Les professionnels de l'internet, comme d'ailleurs les associations de défense des droits de l'homme, se sont surtout intéressés aux modalités d'accès à ces données. Elles ont beaucoup débattu de questions techniques, rendant sans doute le débat peu lisible pour le simple quidam, celui qui utilise internet sans trop savoir comment il fonctionne. On a ainsi évoqué les algorithmes des "boîtes noires", formulation évocatrice de catastrophe. Il renvoie à un dispositif qui récupère les données de connexion et les traite dans le but de repérer une menace potentielle. De la même manière, on s'est inquiété des "IMSI catcher", matériel qui ressemble à une antenne-relais mobile, et qui permet d'intercepter toutes les conversations sur téléphones mobiles qui passent par ce relais. Autrement dit, on intercepte à la fois ceux que l'on veut écouter, et ceux dont les conversations passent par là par hasard.

Ces technologies sont certes inquiétantes, mais cette inquiétude même va plutôt dans le sens de la nécessité d'une intervention législative pour définir le cadre juridique de leur utilisation.

En réalité, le débat est passé à côté des questions essentielles. Le projet de loi sur le renseignement est l'étape la plus récente d'un mouvement de fond engagé depuis de longues années et qui se caractérise par deux éléments. D'une part, le juge judiciaire se voit de plus en plus privé de sa mission de protection des libertés individuelles, mission qui lui est pourtant attribuée par l'article 66 de la Constitution, au profit d'autorités indépendantes à l'efficacité incertaine et d'un juge administratif considéré comme plus protecteur de la puissance publique. D'autre part, la menace terroriste devient un élément contextuel qui irrigue l'ensemble du droit positif et sert à justifier des atteintes de plus en plus importantes aux libertés.

Ennemi d'Etat. Tony Scott. 1998. Will Smith et Gene Hackman

Le juge judiciaire, écarté de la protection des libertés


L'article 66 de la Constitution énonce que l'autorité judiciaire est "gardienne de la liberté individuelle". On pouvait donc espérer que le législateur, soucieux de la protection des libertés prévoie l'intervention du juge judiciaire pour autoriser l'accès aux données personnelles. Mais il a préféré, hélas, prévoir des modalités de contrôle qui ont comme caractéristique de l'exclure de l'ensemble du dispositif.

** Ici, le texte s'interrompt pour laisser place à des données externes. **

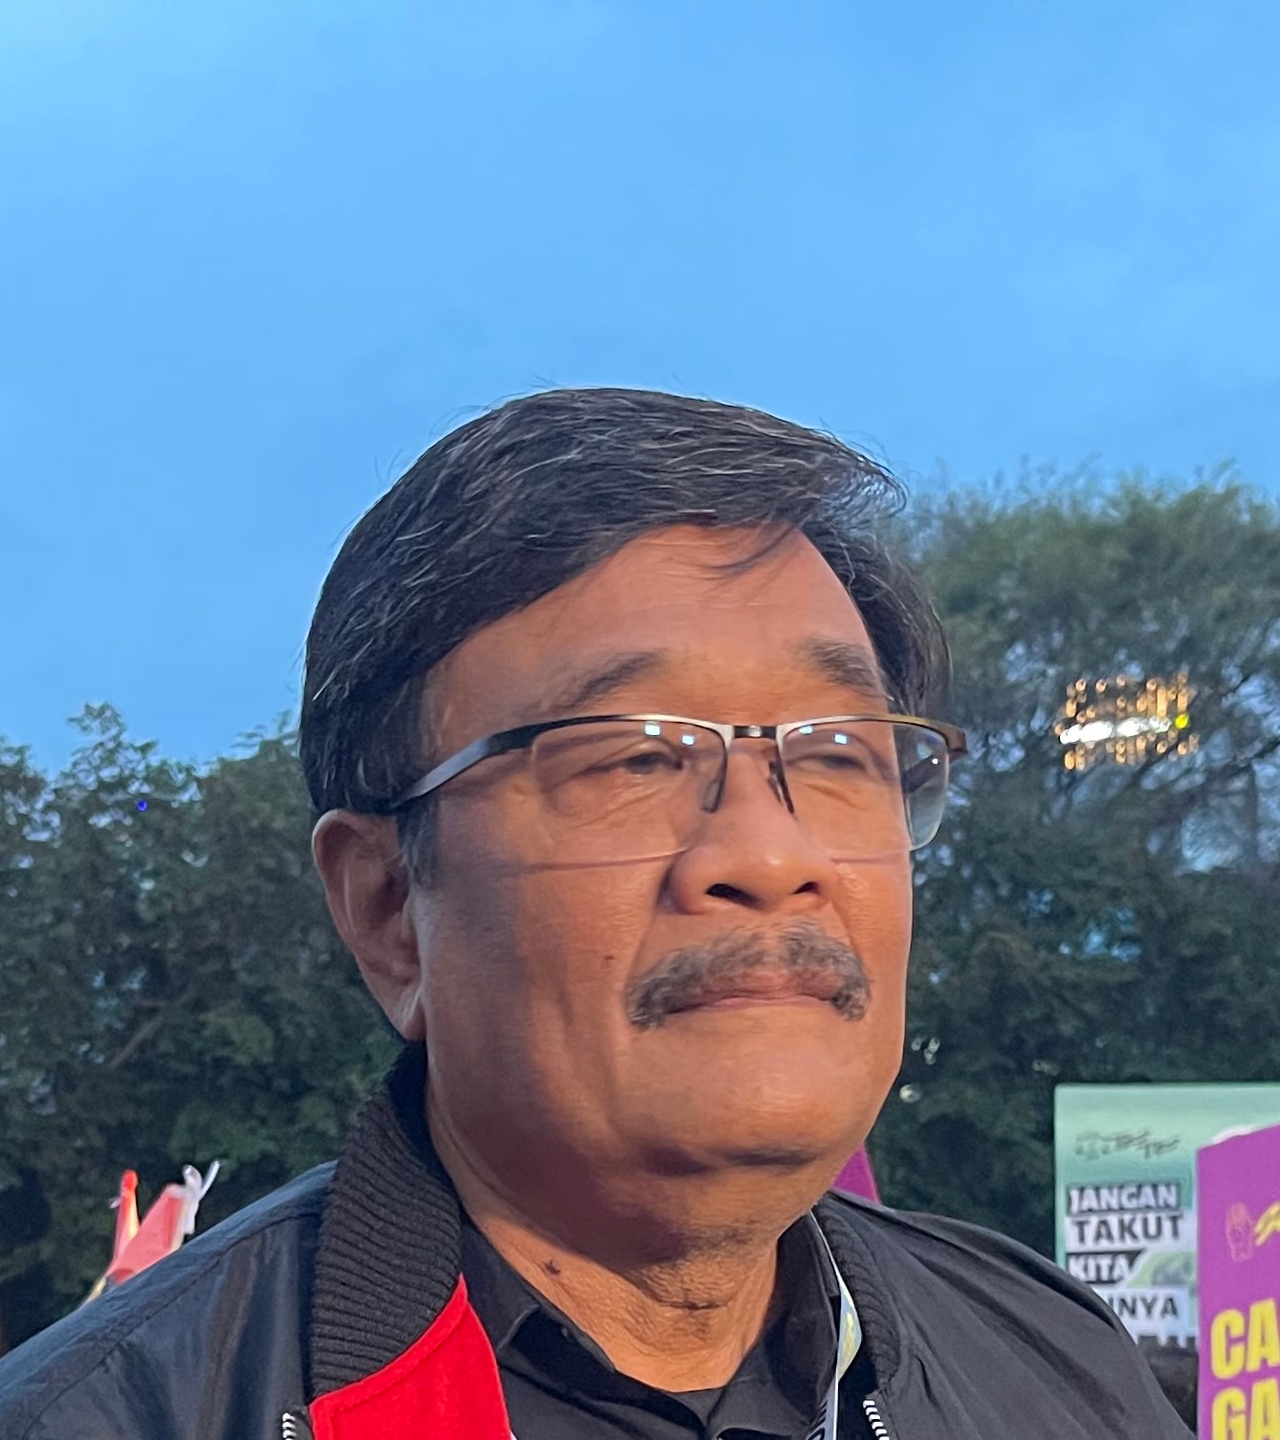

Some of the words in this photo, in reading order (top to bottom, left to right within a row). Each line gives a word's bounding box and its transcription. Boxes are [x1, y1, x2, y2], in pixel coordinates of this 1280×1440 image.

[1070, 1184, 1178, 1215] JANGAN
[1074, 1215, 1182, 1246] TAKUT
[1069, 1255, 1131, 1283] KITA

Pour encadrer les pratiques des services de renseignement, le projet prévoit la création d'une nouvelle autorité administrative indépendante : la Commission nationale de contrôle des techniques de renseignement (CNCTR). Elle doit remplacer l'actuelle Commission nationale de contrôle des interceptions de sécurité (CNCIS) créée par la loi du 10 juillet 1991. Elle est composée de treize membres, dont six parlementaires, trois membres du Conseil d'Etat, trois magistrats de la Cour de cassation et une personnalité qualifiée. Les trois magistrats de l'ordre judiciaire sont donc des membres comme les autres d'une autorité administrative.

La CNCTR, autorité administrative


En tout état de cause, le pouvoir de décision de la CNCTR est pour les moins limité. Certes, l'accès aux données personnelles fait désormais l'objet d'une procédure d'autorisation sensiblement identique à celle mise en oeuvre par la loi de 1991 dans le cas des écoutes téléphoniques. Cette autorisation est donnée par le Premier ministre et la CNCTR donne seulement un avis préalable. Il s'agit donc d'une procédure consultative ordinaire et le Premier ministre peut suivre, ou cet avis. Lorsque la procédure est marquée par l'urgence, la CNCTR n'est même pas saisie pour avis mais informée a posteriori. Quoi qu'il en soit, si elle n'est pas d'accord avec une autorisation, elle peut toujours faire au Premier ministre une "recommandation".

Le recours devant le Conseil d'Etat


Et si la "recommandation" n'est pas suivie ? Dans ce cas, la CNCTR peut saisir le Conseil d'Etat, seul habilité à exercer un contrôle contentieux dans ce domaine. Les recours seront traités par une formation spécialisée composée de membres habilités secret-défense. Dans l'hypothèse où une le recours pose une question de droit d'un intérêt particulier, il sera possible néanmoins de saisir la section du contentieux.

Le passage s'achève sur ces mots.